Issue with _dbus_write_socket on windows

Havoc Pennington hp at redhat.com
Fri Nov 17 12:36:45 PST 2006


Hi,

Looking at the code you guys have in svn, it seems like the big question 
is how the session bus gets started. On unix, we have two answers:

  - normally, the session bus is started by X init scripts and then
    located with an environment variable

  - as a fallback, the bus can be autolaunched and then have its address
    stored in a file in the home directory that is
    per-machine-per-X-display

On Windows, I think just one answer is probably fine:

  - the bus is always autolaunched, and only one instance of
    it exists at a time (using whatever mechanism tbd)

My guess is that the --print-address is not useful because the mechanism 
for ensuring uniqueness will have to have a way to get the address of an 
existing bus that someone *didn't* spawn themselves. Which means there's 
no point having a special alternate mechanism if you did spawn the bus 
yourself.

If you did it the way you are now, it looks like you're passing a handle 
from _pipe() down to the child. Looking at MSDN, I get the impression 
that this kind of handle is not interoperable with the native handles 
e.g. if you used CreatePipe() (why not use CreatePipe() btw?). But maybe 
these handles are interchangeable? I don't know.

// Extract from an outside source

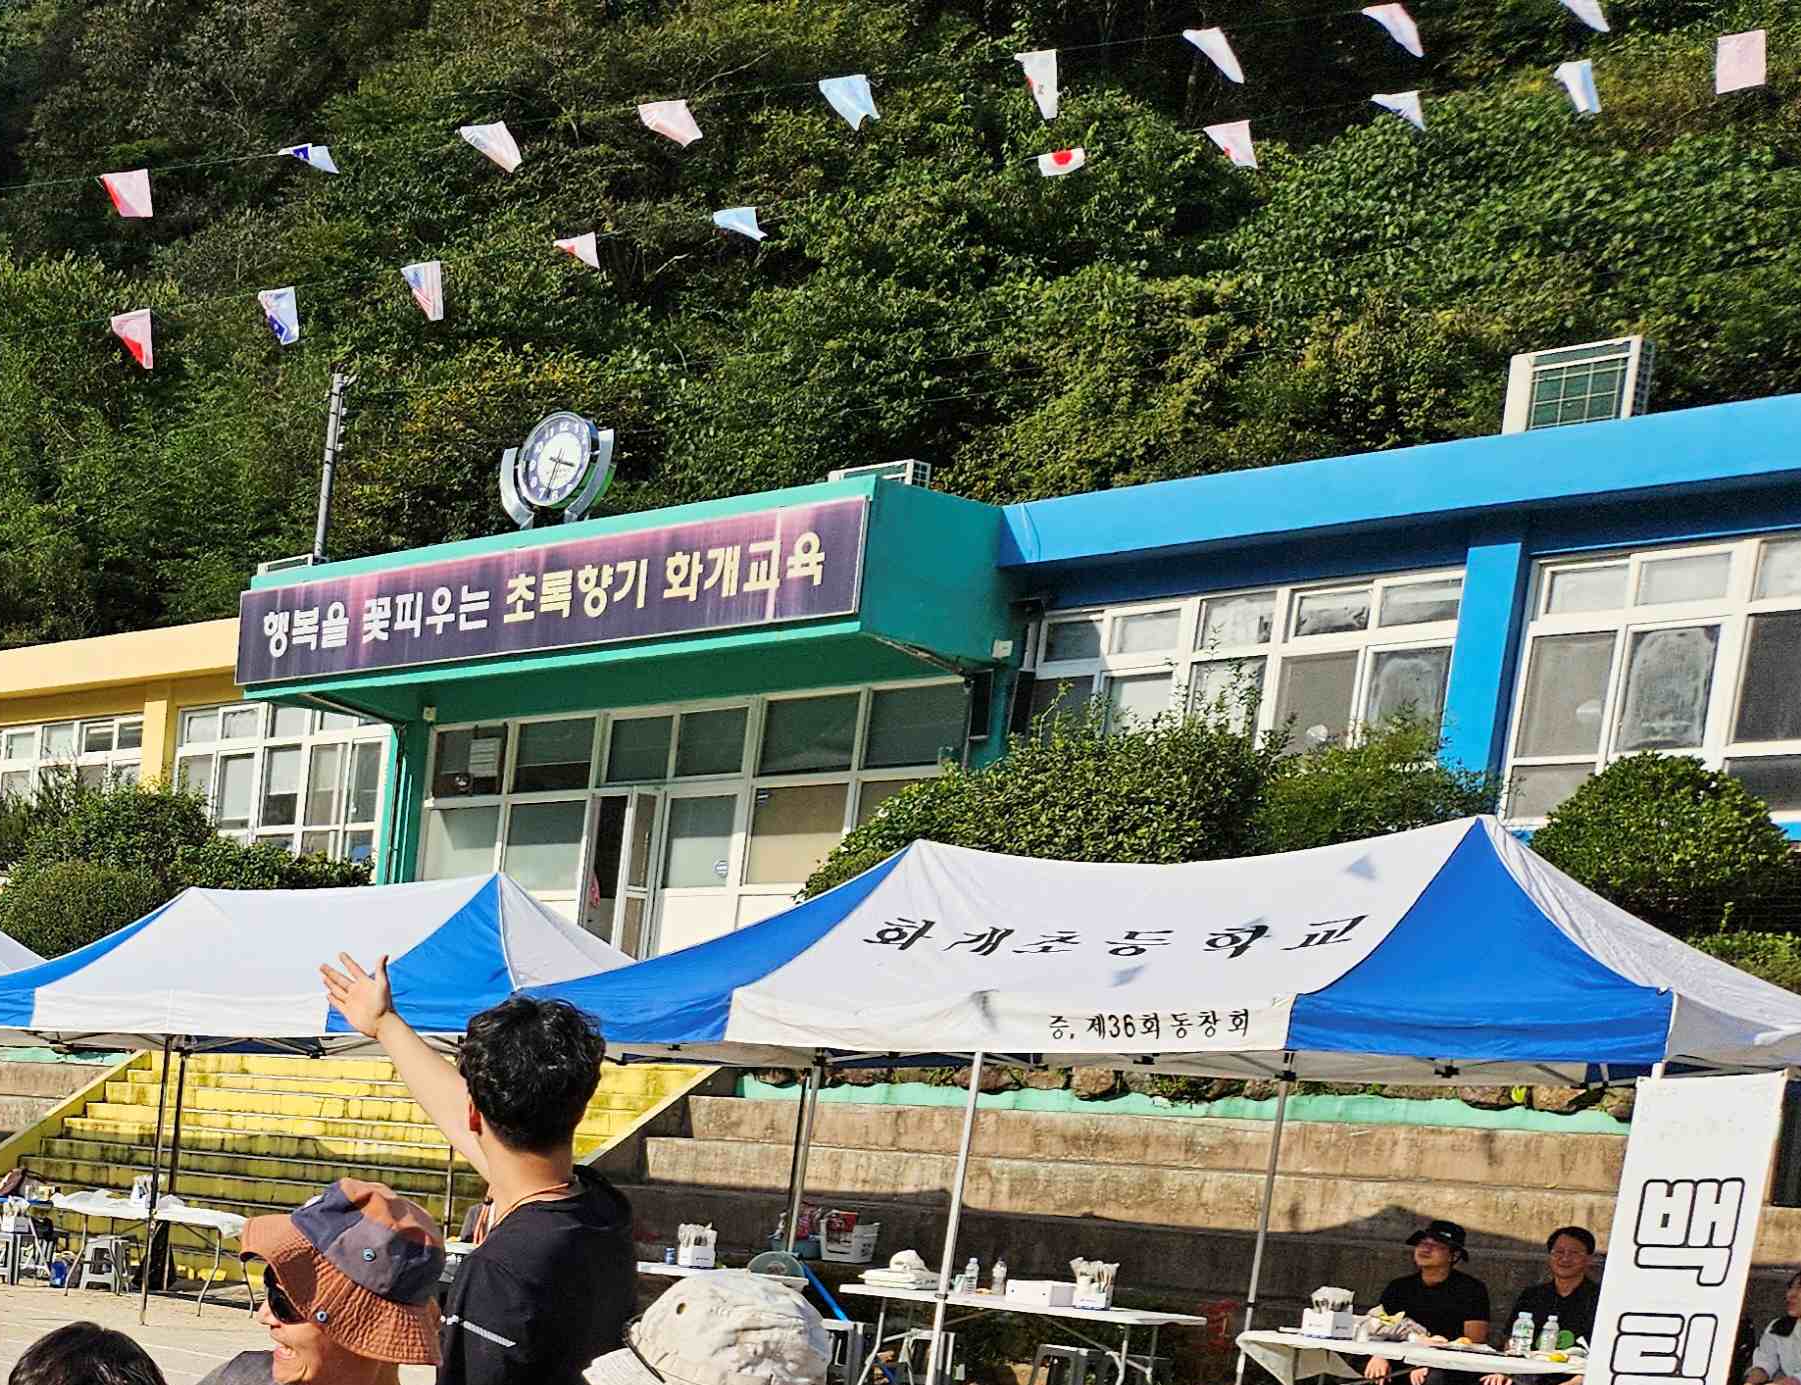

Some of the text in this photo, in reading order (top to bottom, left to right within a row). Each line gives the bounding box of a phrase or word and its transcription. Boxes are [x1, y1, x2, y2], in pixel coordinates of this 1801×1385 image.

[263, 531, 825, 658] 행복을 꽃피우는 초록향기 화개교육
[863, 914, 1369, 960] 화개초등학교

In any case, I would not name the thing in question here write_stream() 
since this can't be just any stream; it can't be a socket; it has to be 
a pipe. So I'd name the function write_pipe() or write_file_handle() or 
something like that. I don't know Windows well enough to make the right 
choice.

In general all the _pipe(), _open() API is some kind of weird 
unix-compat hack that wraps the real Windows API isn't it? For this 
windows-specific code I don't see much point using this unix compat API.